During the production process, the IP Agency regularly audits the producer through automated systems, and sometimes through contractors, to ensure that the producer is always following the terms of the patent and license. The agency also encourages John to scan his business’s challenges and come up with innovative ways to solve them.
Illustration 2
In the same community where John is a limited partner, Paul runs an agricultural machinery production plant. He has been doing the business for a long time, both within the community and before he joined. He aspires to provide his customers with cutting-edge technology that will minimize labor requirements, enhance productivity, and arrest potential diseases and pests before they do any considerable damage.
To do this, he relies on smart farming technologies, including extensive data analytics, AI, and constant research and improvement of available machines and systems. There is stiff competition in the community between different businesses like Paul’s, vying for the same market. He needs to constantly adapt to keep up.
Paul has long recognized innovation as the most important tool to keep a competitive edge over his rivals. While he used to rely on market research to understand what his customers needed and adapt, he has set up a research and development unit to boost innovation.
Collaborations
While Paul is mainly concerned with production, he has regularly entered into agreements with contractors to help improve existing products and explore ways of embedding developing technology to make them better. In many cases, these improvements have resulted in the origination of intellectual property, which the contractors have filed as joint property with Paul. If loans are needed to fund R&D, Paul approaches the IP Agency, and such loans are his obligation.
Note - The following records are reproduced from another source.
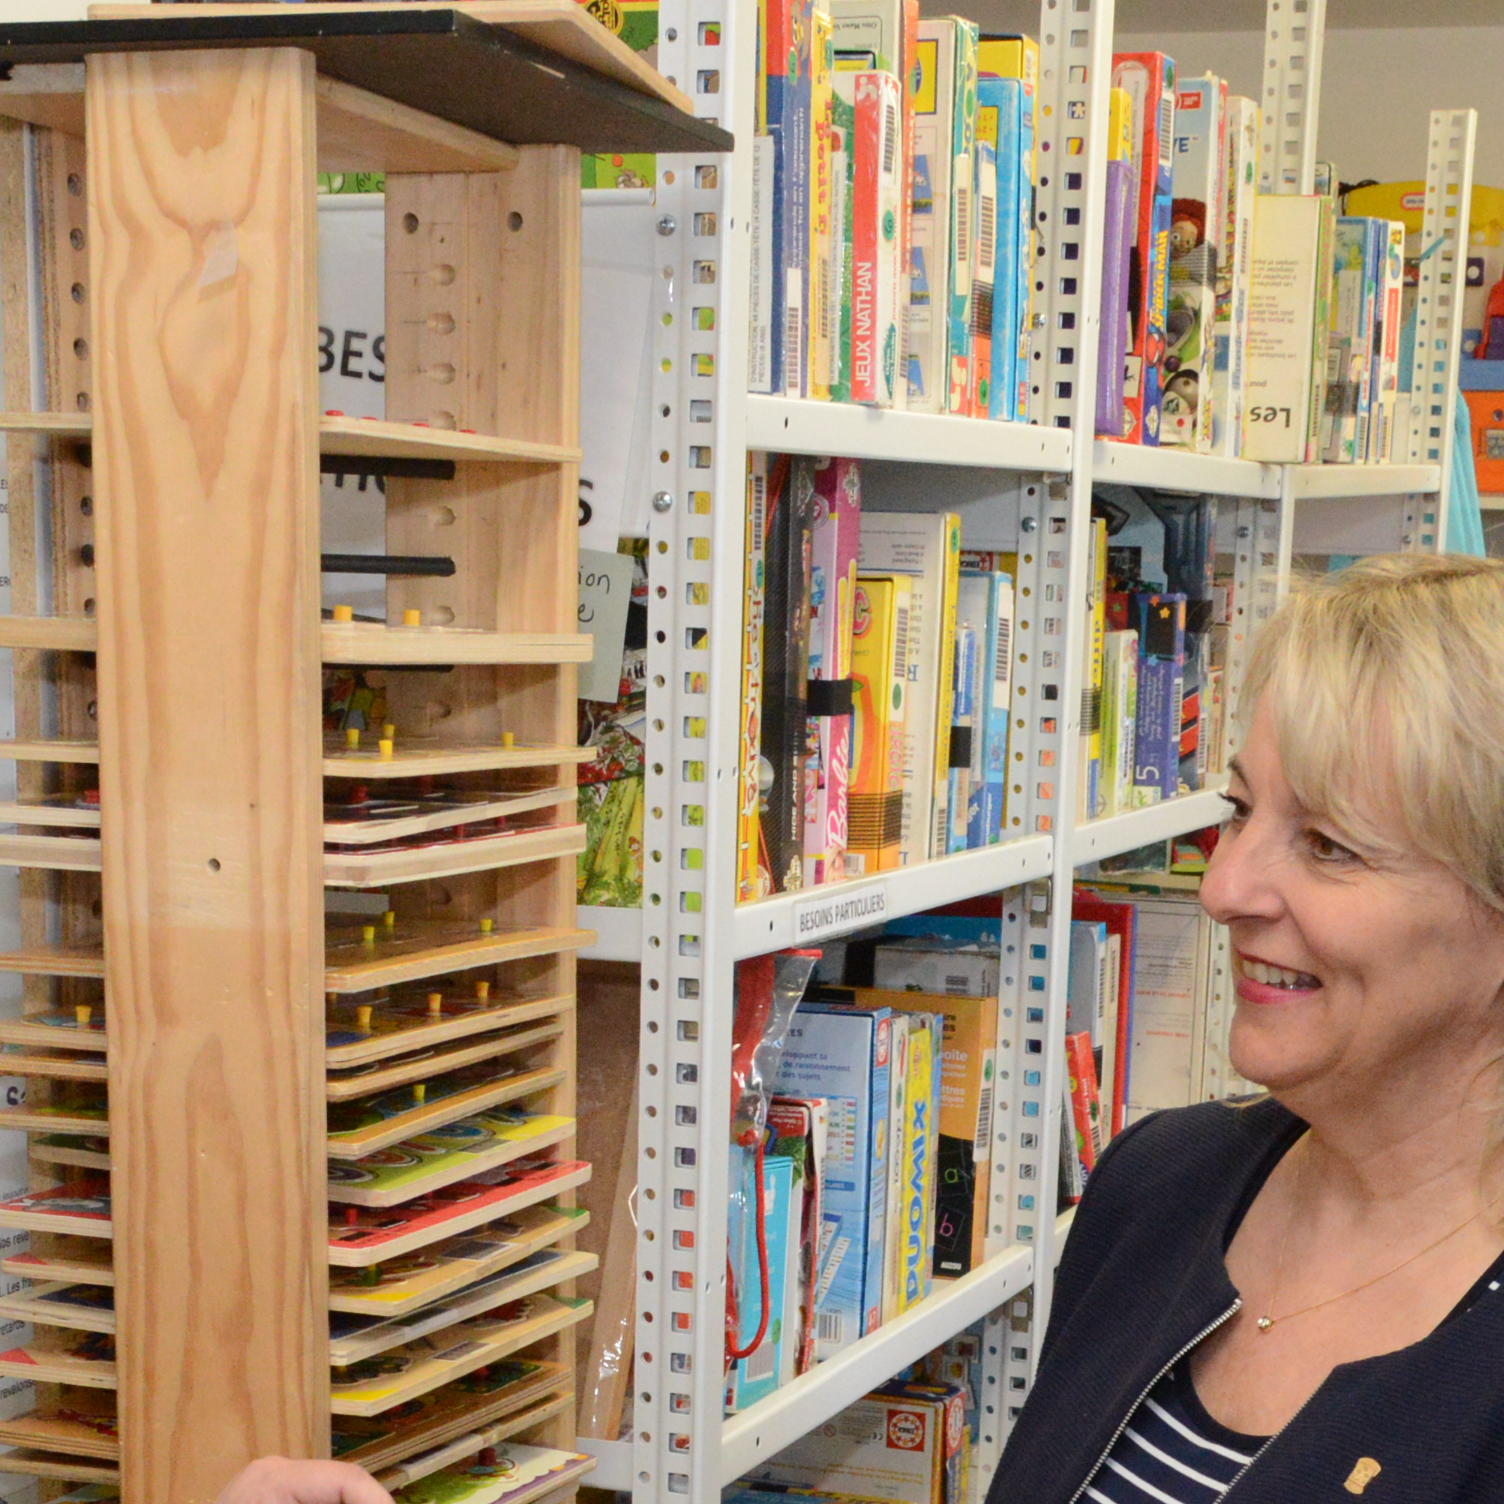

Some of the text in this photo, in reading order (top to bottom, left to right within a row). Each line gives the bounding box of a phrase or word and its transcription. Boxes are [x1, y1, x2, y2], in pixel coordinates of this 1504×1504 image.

[855, 261, 873, 387] JEUX NATHAN
[1249, 405, 1292, 429] Les
[826, 728, 850, 850] Barbie
[1135, 764, 1160, 781] 5
[799, 893, 885, 933] BESOINS PARTICULIERS
[906, 1100, 928, 1301] DUOMIX
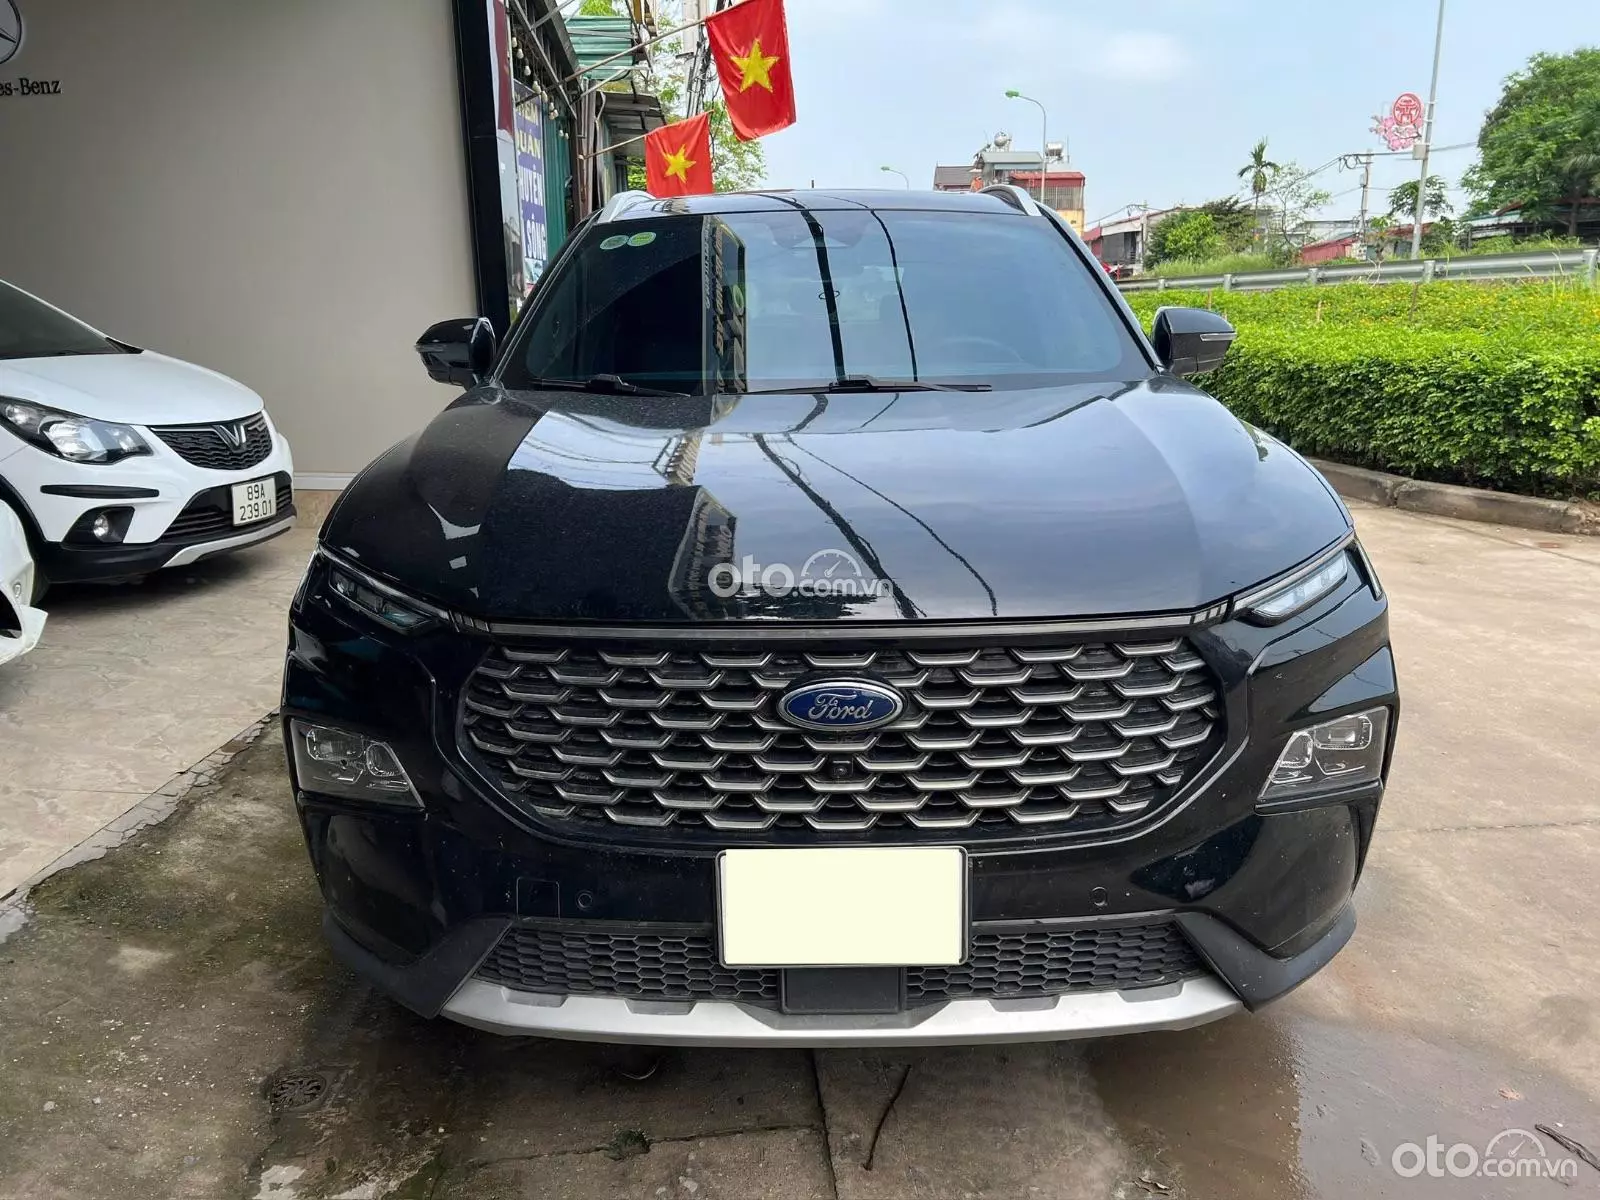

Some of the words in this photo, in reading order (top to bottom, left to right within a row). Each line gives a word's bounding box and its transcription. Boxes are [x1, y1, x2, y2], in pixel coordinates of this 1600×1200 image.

Collaborations with people who are not participants yet have also been explored. Paul has, for instance, helped a few people become limited partners, offering them jobs as they pursued their admission, and eventually forming their own business. He has used these collaborations to explore new ways of creating a competitive advantage over similar businesses. These collaborations have primarily focused on the innovation of existing products.
Interaction with IP Agency
When he needs financial help, he can take loans from the Commercial Bank. These loans are given with Paul’s investment in the community, as well as the value of his business, as collateral.
Recently, however, he needed a substantial amount of money for a project that eventually resulted in a major innovation, creating a robot that can be used to pick oranges when they are ready to market. Paul did not have the finances needed and was already servicing other loans for earlier developments. He therefore approached the IP Agency for help.
The agency evaluates the proposed innovation, and in turn approaches the Commercial Bank for a loan. The agency uses the IP that it owns as collateral, as well as capital invested by the Capital Bank as a down payment. The agency also walks with him during the process, to offer technical support, document and file the intellectual property rights, and eventually, to help commercialize the product.
Applying other intellectual property rights
After John declines to produce the irrigation system he had innovated, the IP Agency runs a competitive process through which it seeks limited partners with the capacity to produce and market the system. To maximize its profits, as well as the fees that John will receive, the IP Agency picks the best-suited candidate, with a track record of optimally utilizing such IP.
Paul applies, and in due course, is awarded the license. He will pay a license fee of 4% of the revenues that he makes from selling the system. In turn, the agency will pay John 2%, and retain 2%. It will use this income to repay the loans it had taken from the Commercial Bank. In addition to the license fees, Paul will also repay the loan he owes to the IP Agency.